I don’t pretend to know a lot about the situation, but I’m looking at the transcript of a 2019 unsafe building hearing, and it looks like they saw a lot of the risk. My understanding is that, in the interim, the property was sold at tax sale and the City acquired the property from the County. The City or the previous owner may have done work to mitigate some of the hazards since 2019, but clearly some (or all) of the risk remained!
From the 2019 transcript:
MR. GARDNER: So on the properties that’s listed (inaudible) today, they’ve done an incident pre-plan from the fire department’s perspective on resources needed.· Some of our concerns on these is access in and around the structures.· Let me back up here so you understand what I’m talking about. So in getting access around to the rear parts of the structure, this right here is a railroad track, which renders it impossible just about to come in the backside here.· This is Northwest F Street.· From this aerial photograph, there’s no access to the sides of the building.· And this is continued through all the properties. We look at fire flow, fully involved, gallons per minute needed, resources needed, water available, evacuation areas, depending on wind direction.· It’s a multi-agency possibility with, you know, the health department, emergency management, local departments outside the City of Richmond.· Looking at toxins and stuff like that. And the way we do this is by this and also in recent history of incidents throughout the country or around the world.· And in the recent years — the past couple years, there’s been a fire at a storage recycling facility in Australia that had a lengthy fire ground operation upwards to close to two weeks of that. There was one in Parkersburg, West Virginia, that lasted for over eight days.· The one in Australia was June this year. We look at the after-effects and we look at runoff of contaminated water from the suppression efforts.· And then we also look at the lack of fire protection and fire detection.

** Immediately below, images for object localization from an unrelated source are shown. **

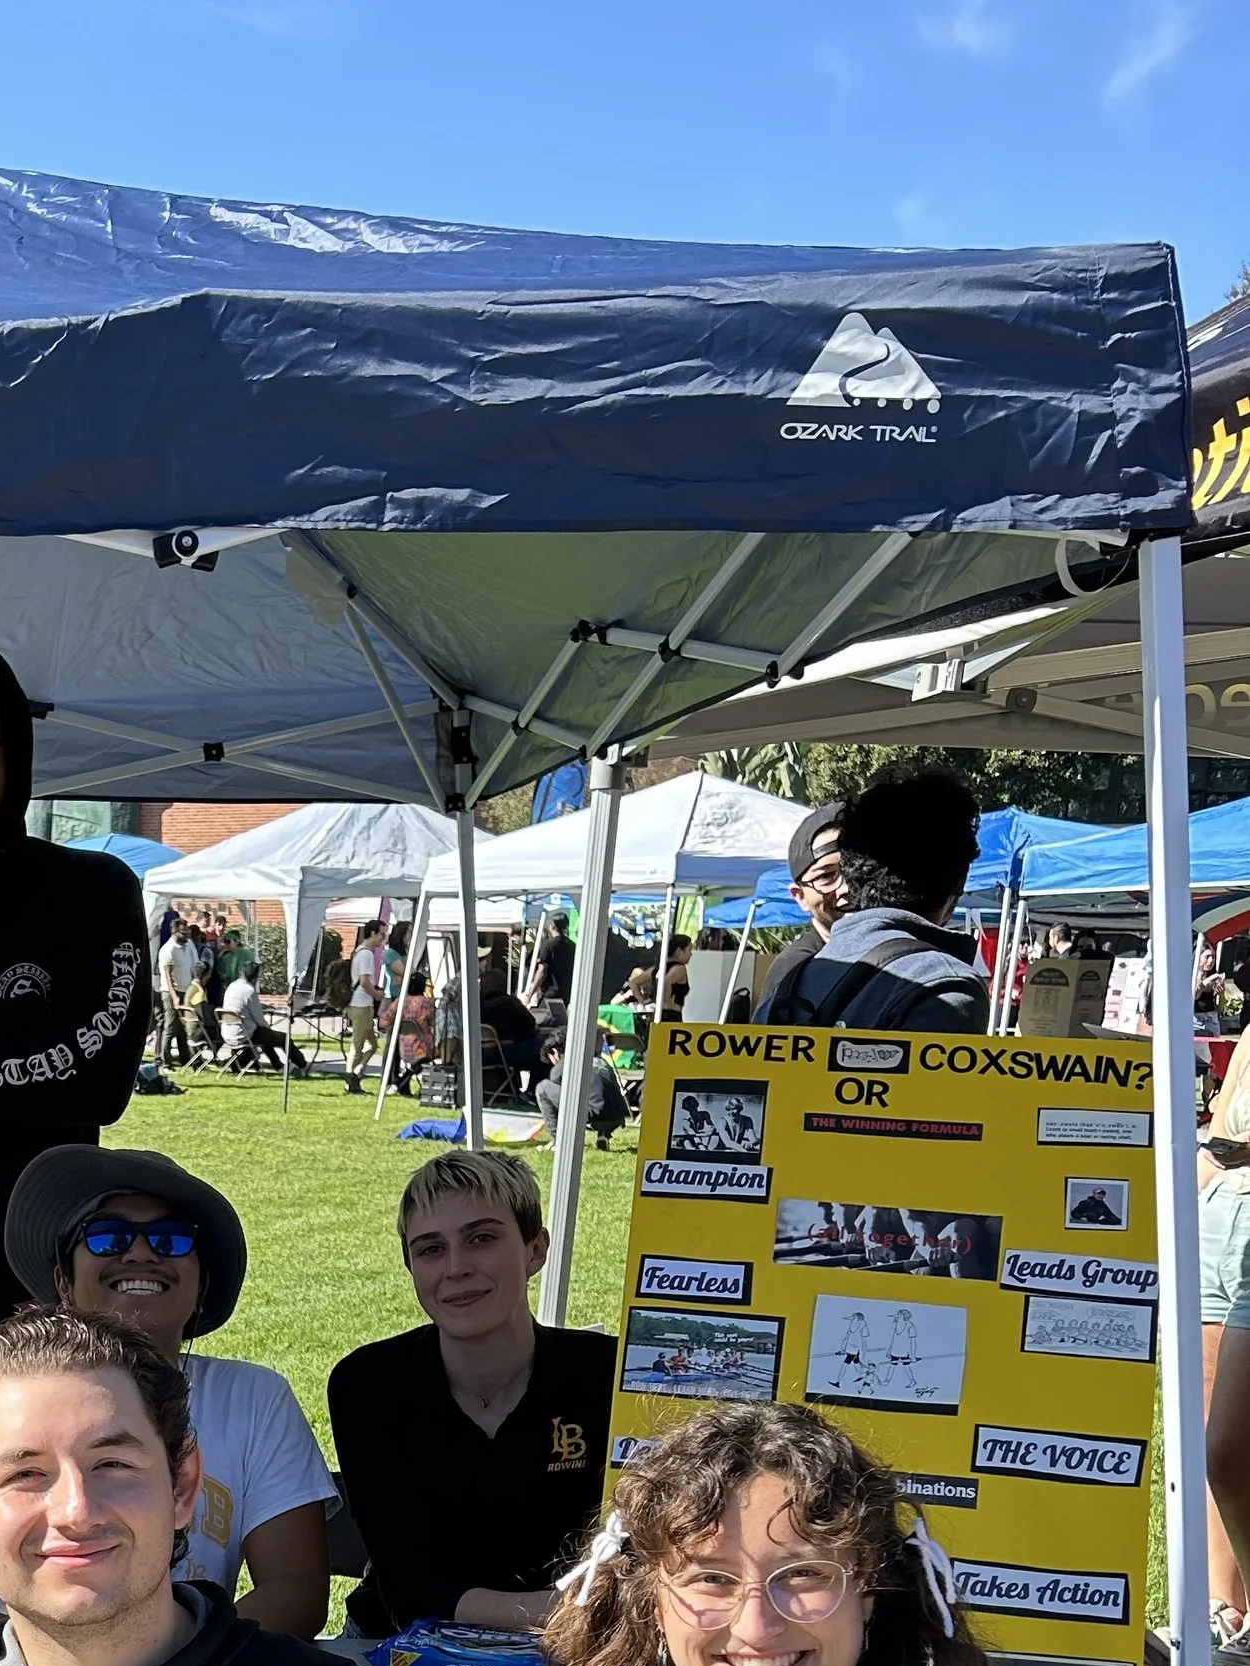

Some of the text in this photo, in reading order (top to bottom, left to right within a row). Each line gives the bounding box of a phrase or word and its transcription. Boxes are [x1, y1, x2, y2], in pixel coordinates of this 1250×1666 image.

[780, 422, 864, 441] OZARK
[667, 1029, 1153, 1092] ROWER COXSWAIN?
[835, 1077, 890, 1108] OR
[811, 1116, 980, 1136] THE WINNING FORMULA
[644, 1162, 767, 1193] Champion
[643, 1266, 742, 1296] Fearless
[1005, 1254, 1158, 1294] Leads Group
[551, 1417, 586, 1461] LB
[982, 1438, 1132, 1476] THE VOICE
[956, 1571, 1121, 1609] Takes Action

In a situation like this with the 358 building, it was designed and intended with a suppression system and a detection system.· Those work to get ahead of the game if a fire did occur. With no detection system, that’s a delay in notification, meaning that it could possibly be through the roof, through the windows, or whatever before somebody called it in.· A suppression system is designed to suppress the fire and slow the spread of fire once detected.· So, therefore, with no detection system, we don’t have that or fire protection system and it allows that fire to grow more rapidly than (inaudible).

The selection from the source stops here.